# [TASK TO COMPLETE]
The material below has pictures in it. Set down only the lines from the line containing "this 1600×1063 image." through the line containing "this 1864×1280 image.", word for word, and leave the pictures behind.

# [PROVIDED INFORMATION]
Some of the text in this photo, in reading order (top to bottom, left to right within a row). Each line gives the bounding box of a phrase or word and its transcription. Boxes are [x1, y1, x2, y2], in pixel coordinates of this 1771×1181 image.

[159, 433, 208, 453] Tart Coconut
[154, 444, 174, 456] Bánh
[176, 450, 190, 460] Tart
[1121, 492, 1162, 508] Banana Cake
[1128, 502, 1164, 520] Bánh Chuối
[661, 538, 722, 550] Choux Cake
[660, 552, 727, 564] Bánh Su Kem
---
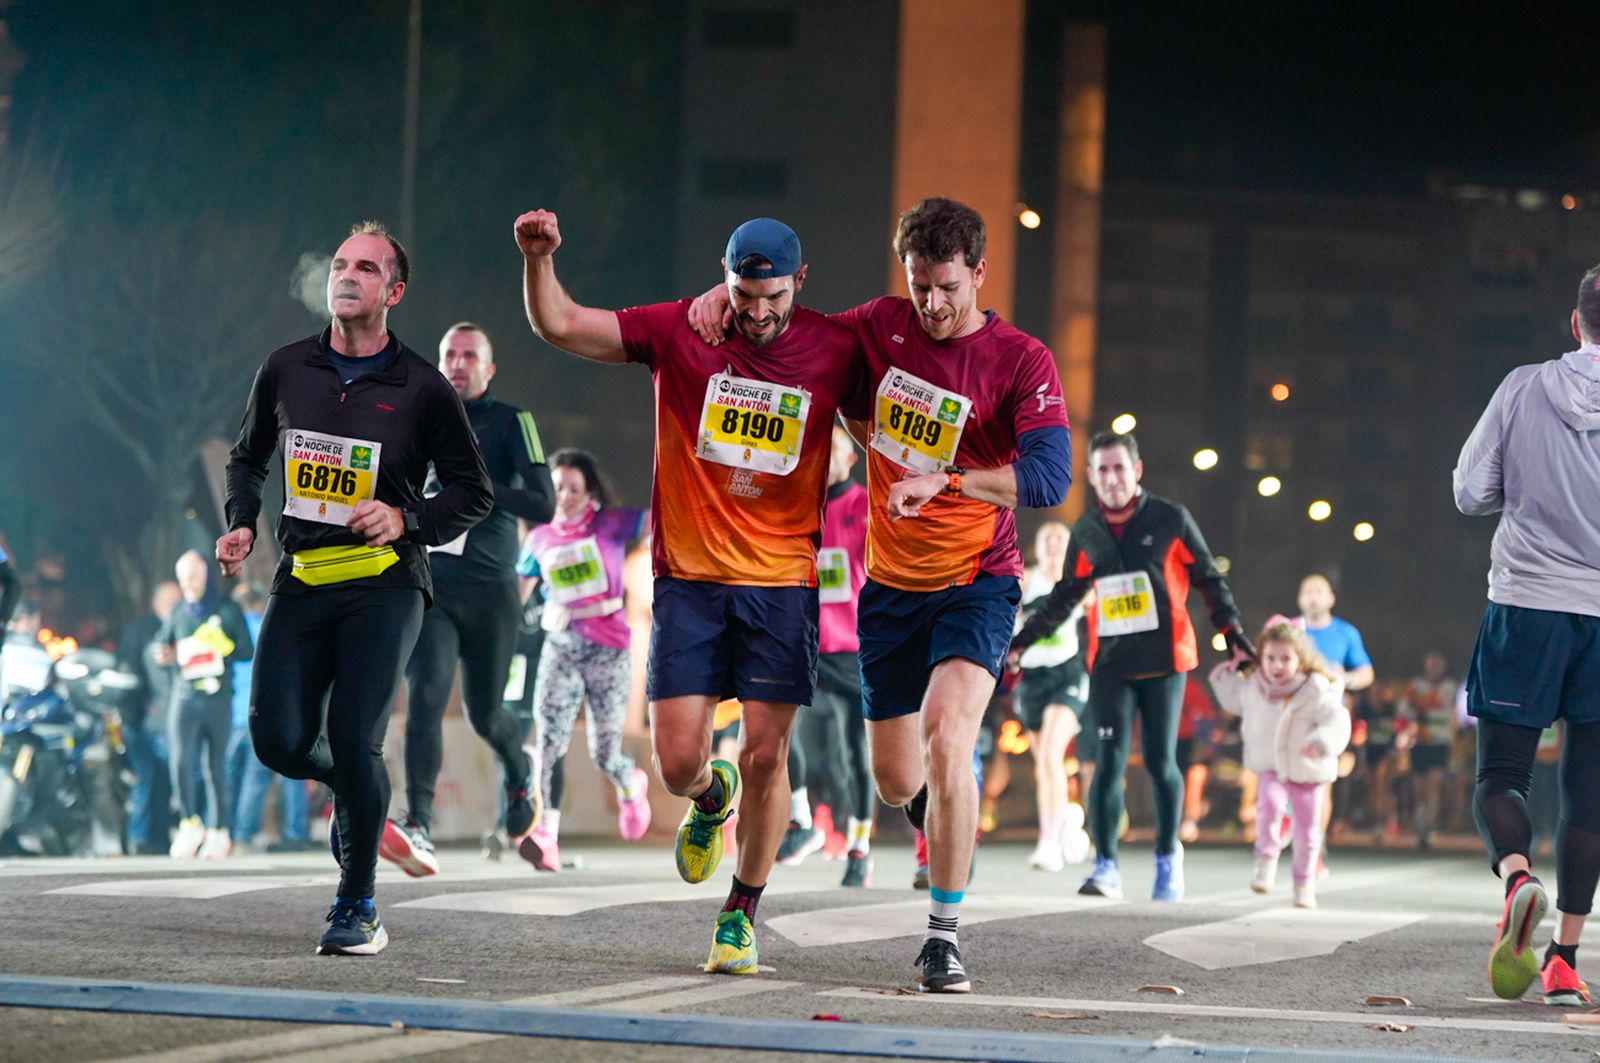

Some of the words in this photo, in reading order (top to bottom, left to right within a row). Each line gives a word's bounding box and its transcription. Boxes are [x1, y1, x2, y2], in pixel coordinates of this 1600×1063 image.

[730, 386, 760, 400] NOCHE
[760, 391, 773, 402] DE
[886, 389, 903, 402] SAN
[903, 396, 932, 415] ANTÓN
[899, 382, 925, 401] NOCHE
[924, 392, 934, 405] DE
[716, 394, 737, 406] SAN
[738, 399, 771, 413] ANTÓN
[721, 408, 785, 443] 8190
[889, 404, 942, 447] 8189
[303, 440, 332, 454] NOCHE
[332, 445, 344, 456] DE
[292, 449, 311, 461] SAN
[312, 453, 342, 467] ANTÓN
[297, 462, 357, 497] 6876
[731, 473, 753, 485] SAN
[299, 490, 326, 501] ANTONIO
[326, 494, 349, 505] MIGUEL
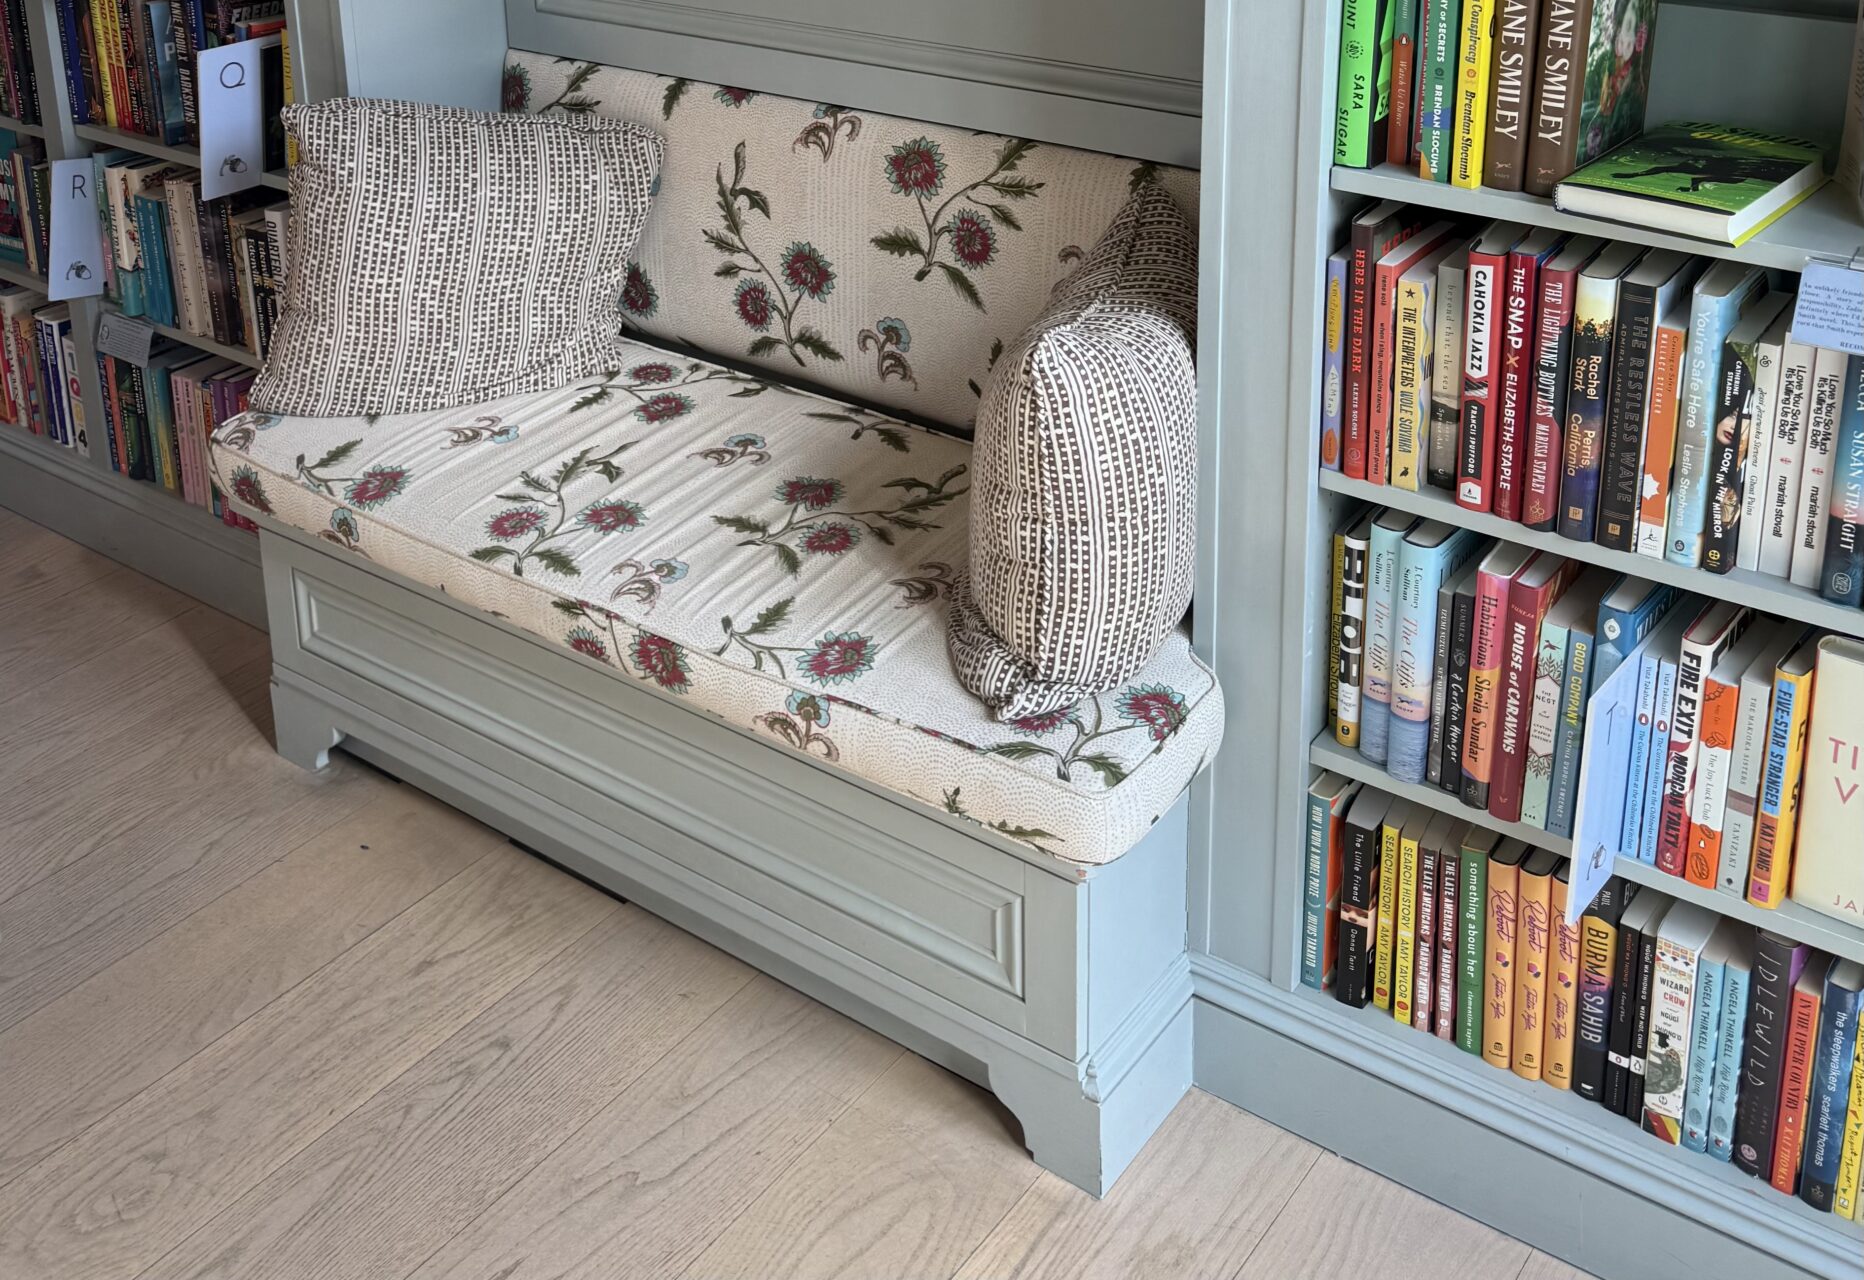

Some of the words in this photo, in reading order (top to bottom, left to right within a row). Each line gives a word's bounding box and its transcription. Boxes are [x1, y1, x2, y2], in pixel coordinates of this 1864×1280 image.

# [FINAL ANSWER]
Some of the words in this photo, in reading order (top to bottom, left to right within a row). Each line gives a word's bounding box and its transcription. Boxes are [x1, y1, x2, y2], in pixel coordinates of this 1600×1063 image.

[730, 386, 760, 400] NOCHE
[760, 391, 773, 402] DE
[886, 389, 903, 402] SAN
[903, 396, 932, 415] ANTÓN
[899, 382, 925, 401] NOCHE
[924, 392, 934, 405] DE
[716, 394, 737, 406] SAN
[738, 399, 771, 413] ANTÓN
[721, 408, 785, 443] 8190
[889, 404, 942, 447] 8189
[303, 440, 332, 454] NOCHE
[332, 445, 344, 456] DE
[292, 449, 311, 461] SAN
[312, 453, 342, 467] ANTÓN
[297, 462, 357, 497] 6876
[731, 473, 753, 485] SAN
[299, 490, 326, 501] ANTONIO
[326, 494, 349, 505] MIGUEL

Some of the words in this photo, in reading order (top to bottom, left to right within a row). Each line gives a word's bounding box and its transcription. Boxes are [x1, y1, x2, y2], in pixel coordinates of this 1864×1280 image.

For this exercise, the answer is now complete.